In order to disable the checks feature, set the property skipPublishingChecks to true:

recordIssues skipPublishingChecks: true, tool: java(pattern: '*.log')

The publisher will respect a withChecks context:

withChecks('My Custom Checks Name') {
  recordIssues tool: java(pattern: '*.log')
}

Transition from the static analysis suite

Previously the same set of features has been provided by the plugins of the static analysis suite (CheckStyle, PMD, FindBugs, Static Analysis Utilities, Analysis Collector, Task Scanner, Warnings etc.). In order to simplify the user experience and the development process, these plugins and the core functionality have been merged into the Warnings Next Generation plugin. These old static analysis plugins are not required anymore and are now end-of-life. If you currently use one of these old plugins you should migrate to the new recorders and steps as soon as possible. I will still maintain the old code for a while, but the main development effort will be spent into the new code base.

Migration of Pipelines

Pipelines calling the old static analysis steps (e.g., findbugs, checkstyle, etc.) need to call the new recordIssues step now. The same step is used for all static analysis tools, the actual parser is selected by using the step property tools. For more details on the set of available parameters please see section Configuration.

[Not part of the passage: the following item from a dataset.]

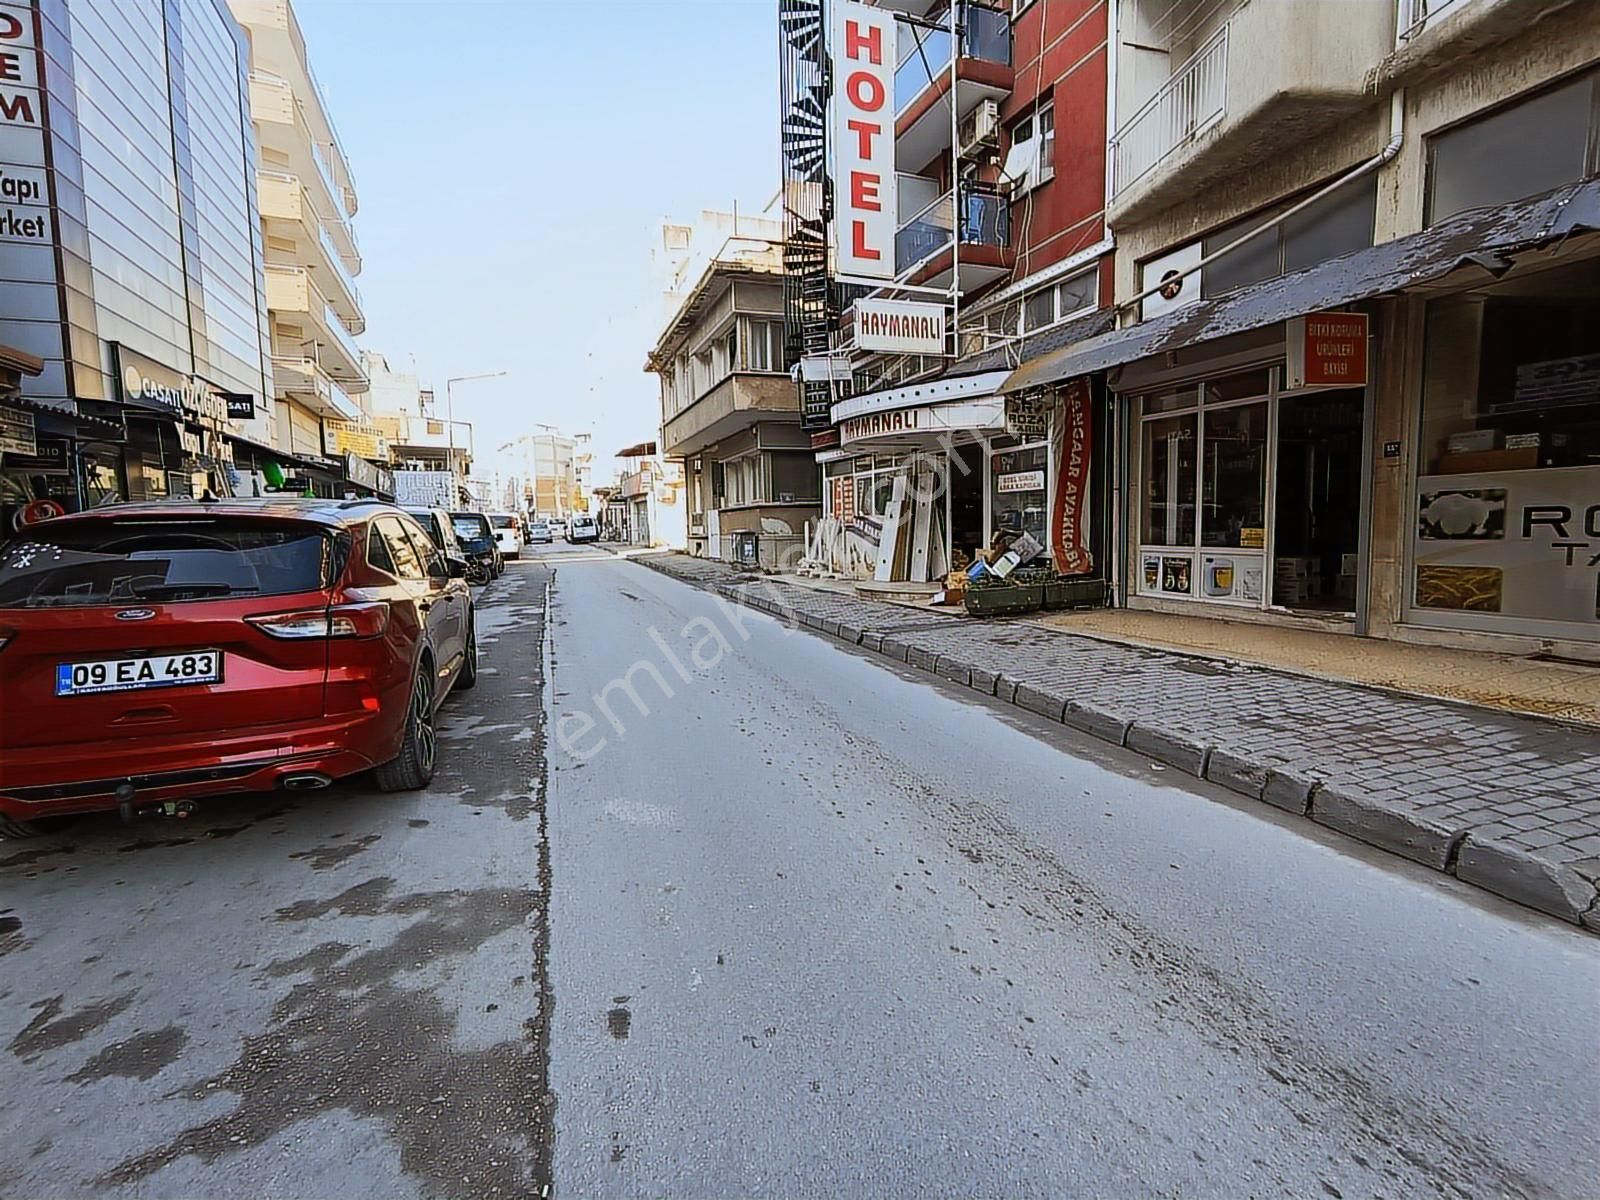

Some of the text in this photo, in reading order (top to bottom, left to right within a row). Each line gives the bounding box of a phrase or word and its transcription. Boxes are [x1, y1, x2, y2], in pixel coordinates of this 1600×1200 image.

[845, 19, 885, 261] HOTEL
[0, 170, 39, 205] apı
[861, 311, 940, 340] HAYMANALI
[73, 655, 214, 687] 09 EA 483

Migration of all other jobs

Freestyle, Matrix or Maven Jobs using the old API used a so called Post Build Action that was provided by each individual plugin. E.g., the FindBugs plugin did provide the post build action "Publish FindBugs analysis results". These old plugin specific actions are not supported anymore, they are now marked with [Deprecated] in the user interface. Now you need to add a new post build step - this step now is called "Record compiler warnings and static analysis results" for all static analysis tools. The selection of the tool is part of the configuration of this post build step. Note: the warnings produced by a post build step using the old API cannot not be read by the new post build actions. I.e., you can't see a combined history of the old and new results - you simply see two unrelated results. There is also no automatic conversion of results stored in the old format available.

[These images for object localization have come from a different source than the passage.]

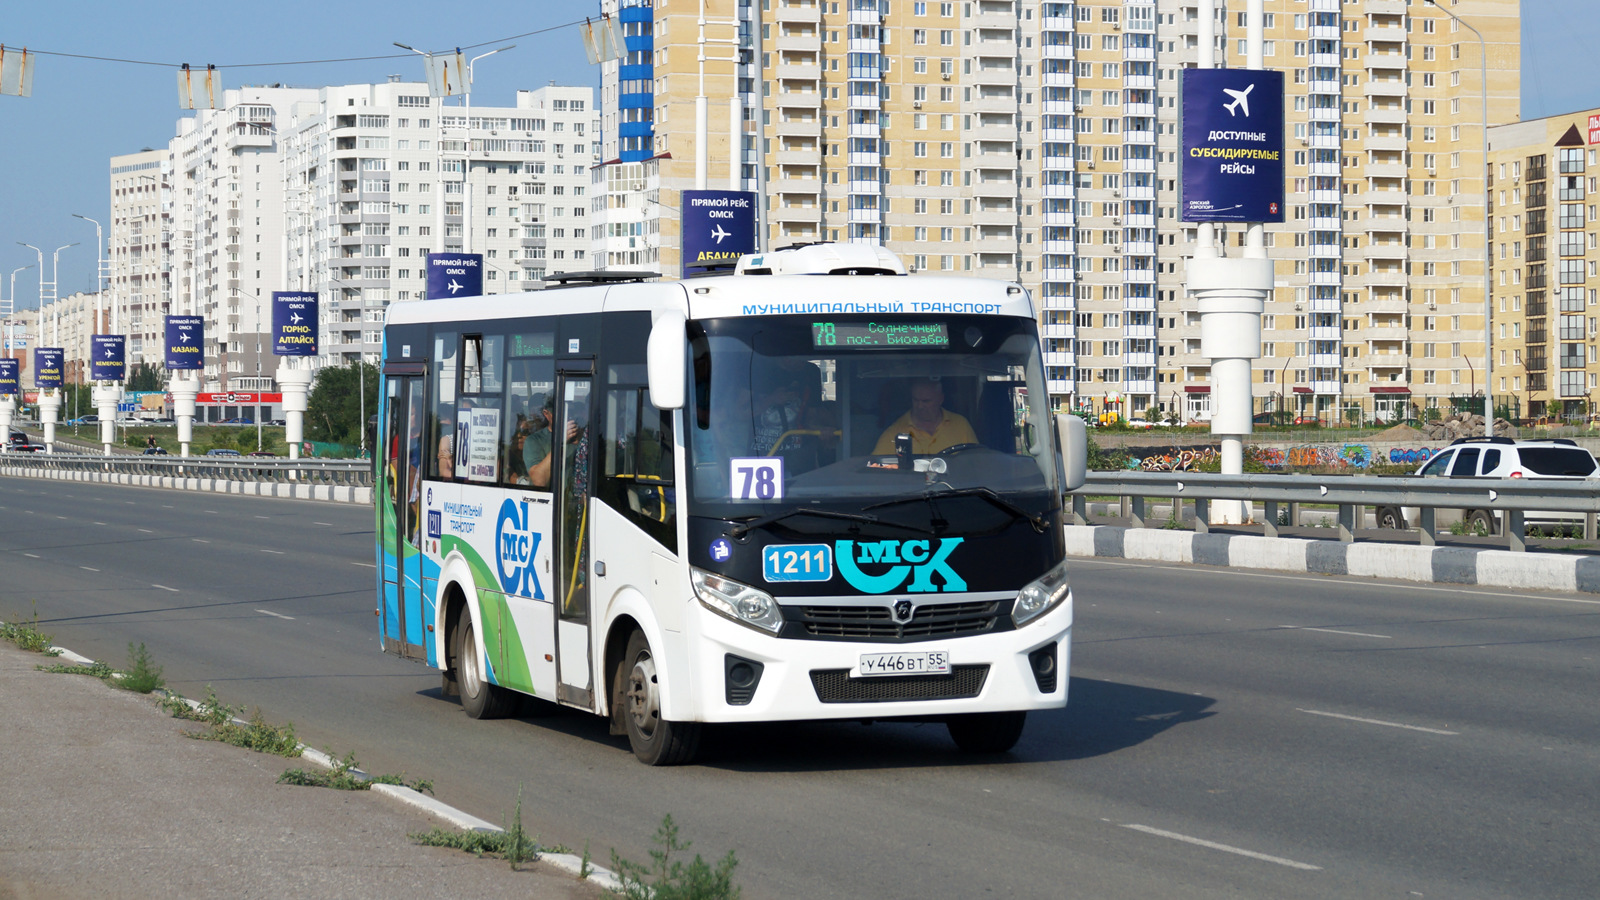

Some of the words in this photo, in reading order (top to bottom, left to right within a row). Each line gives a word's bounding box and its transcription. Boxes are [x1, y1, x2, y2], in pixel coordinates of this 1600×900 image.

[1589, 115, 1600, 130] ЛЬ
[1208, 130, 1266, 142] ДОСТУПНЫЕ
[1190, 148, 1279, 160] СУБСИДИРУЕМЫЕ
[1220, 162, 1255, 174] РЕЙСЫ
[692, 198, 728, 206] ПРЯМОЙ
[730, 199, 748, 208] РЕЙС
[742, 300, 904, 315] МУНИЦИПАЛЬНЫЙ
[910, 302, 1002, 314] ТРАНСПОРТ
[812, 322, 836, 346] 78
[868, 322, 942, 333] Солнечный
[279, 335, 314, 344] АЛТАЙСК
[846, 336, 878, 344] пос.
[457, 422, 469, 466] 78
[738, 466, 775, 500] 78
[444, 501, 482, 517] МУНИЦИПАЛЬНЫЙ
[450, 520, 475, 534] ТРАНСПОРТ
[768, 550, 825, 574] 1211
[929, 654, 942, 665] 55

Migration of plugins depending on analysis-core

The following plugins have been integrated into this new version of the Warnings plugin:

  • Android-Lint Plugin
  • Analysis Collector Plugin
  • CheckStyle Plugin
  • CCM Plugin
  • Dry Plugin
  • PMD Plugin
  • FindBugs Plugin
  • Tasks Scanner Plugin
  • Warnings Plugin

All other plugins still need to be integrated or need to be refactored to use the new API.